Using two-photon microscopy, a new brain imaging technique that allows scientists to see deep inside tissue, University of Rochester researchers observed mice brains, which are similar to human brains.
They found that during sleep, brain cells contract to increase the space between them so that spinal fluid can wash freely through the tissue.
"We have a cleaning system that almost stops when we are awake and starts when we sleep. It's almost like opening and closing a faucet — it's that dramatic," said lead author Dr Maiken Nedergaard.
"The restorative nature of sleep appears to be the result of the active clearance of the by-products of neural activity that accumulate during wakefulness."

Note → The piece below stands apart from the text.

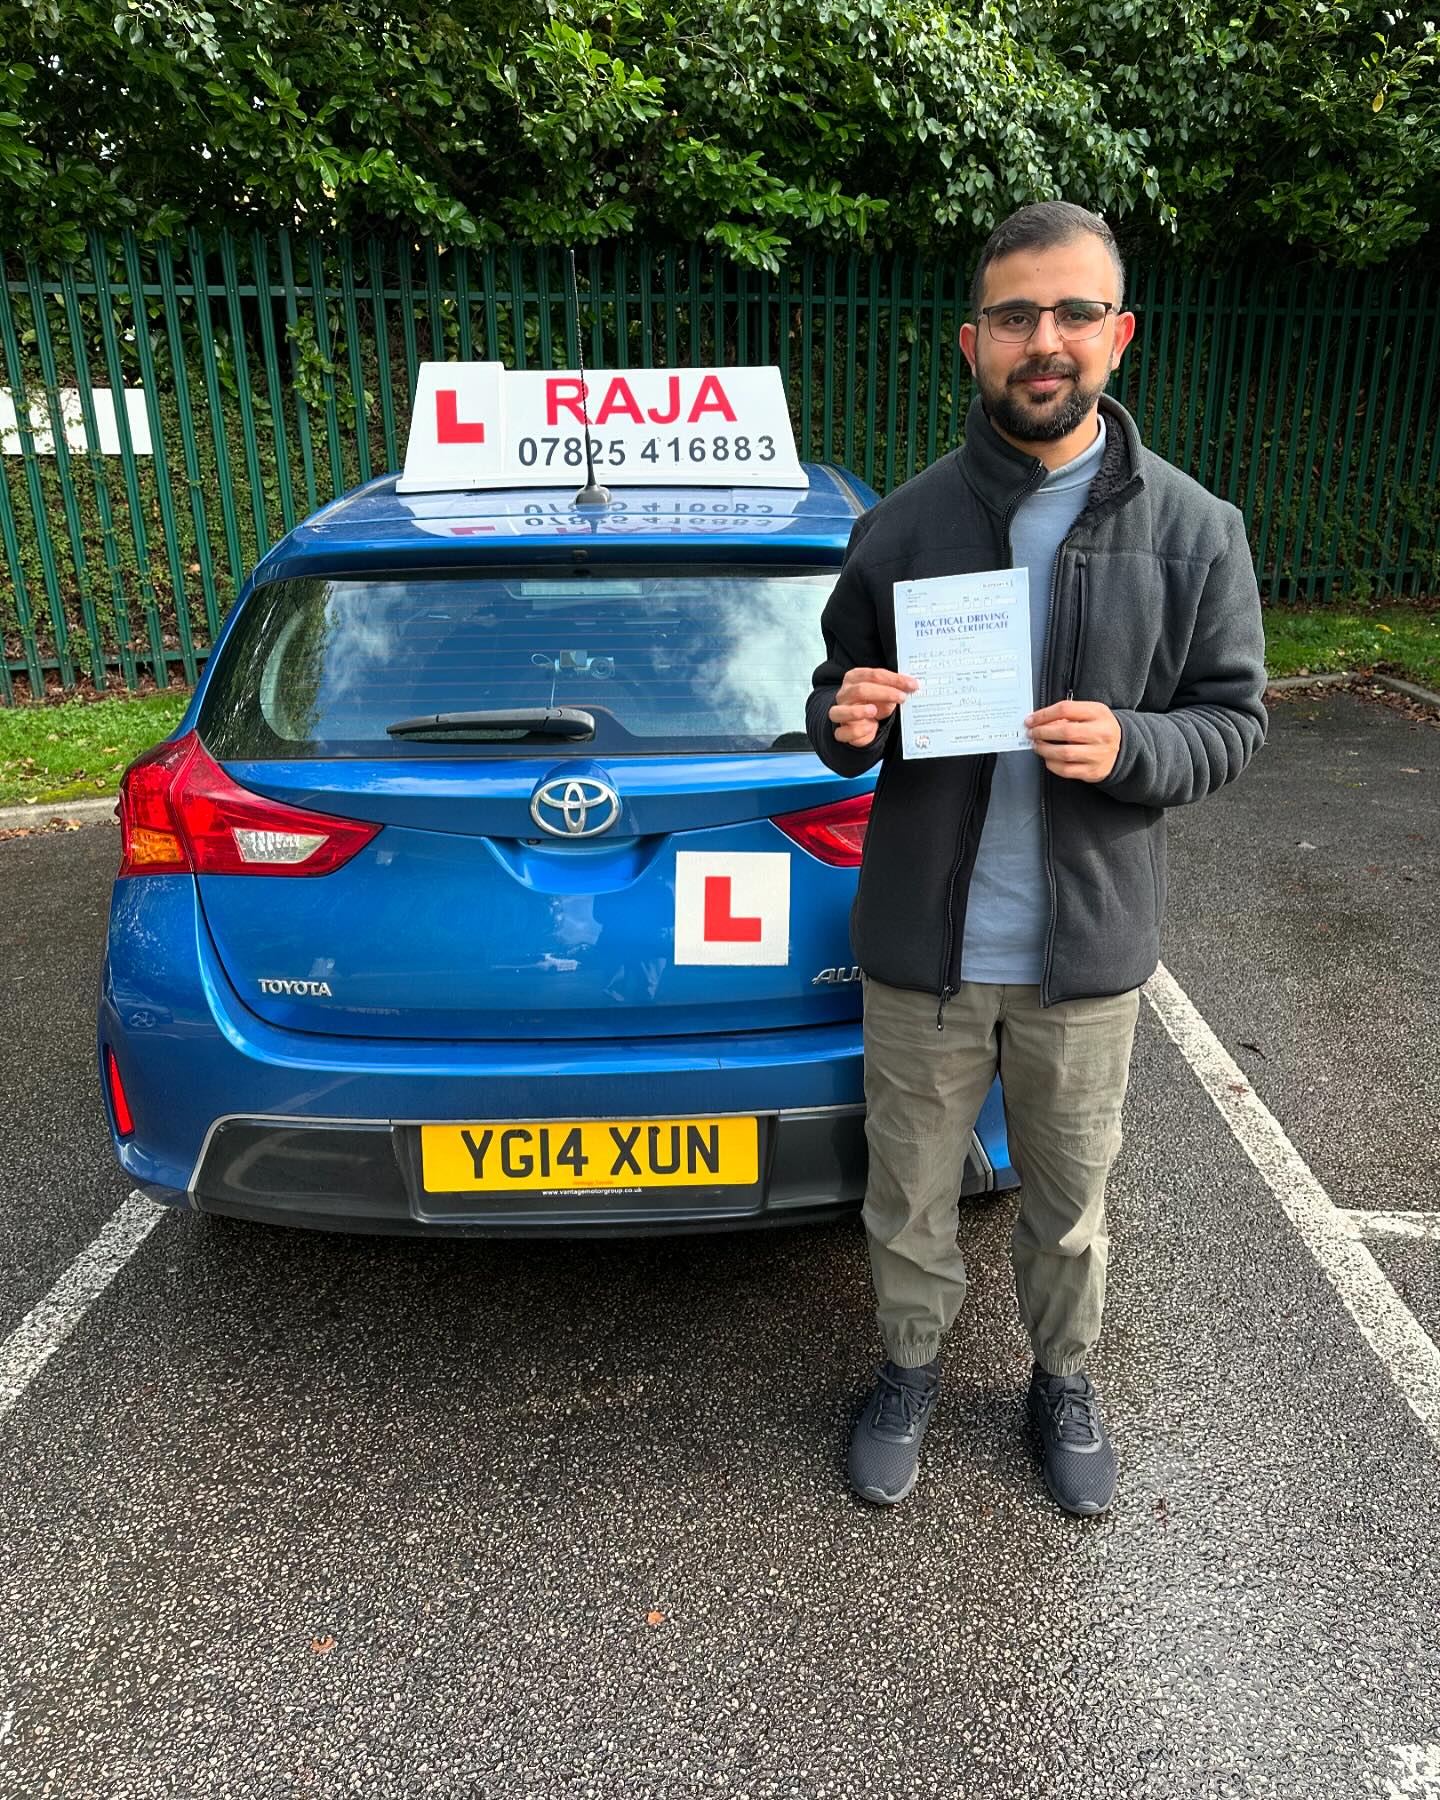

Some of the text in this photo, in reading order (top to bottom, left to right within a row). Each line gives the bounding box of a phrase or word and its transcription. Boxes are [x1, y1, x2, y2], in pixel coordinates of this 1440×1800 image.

Now the researchers are hopeful that their findings could pave the way for new treatments for brain diseases, such as Alzheimer's, because patients get a build-up of the protein amyloid beta, which forms plaques on the brain.
Nedergaard is trialling drugs in mice to increase the brain's cleaning function.
"Understanding how and when the brain activates the glymphatic system and clears waste is a critical first step in efforts to potentially modulate the system and make it work more efficiently," she said.
They found the glymphatic system is about 10 times more active during sleep than when awake.
The study was published in the journal Science.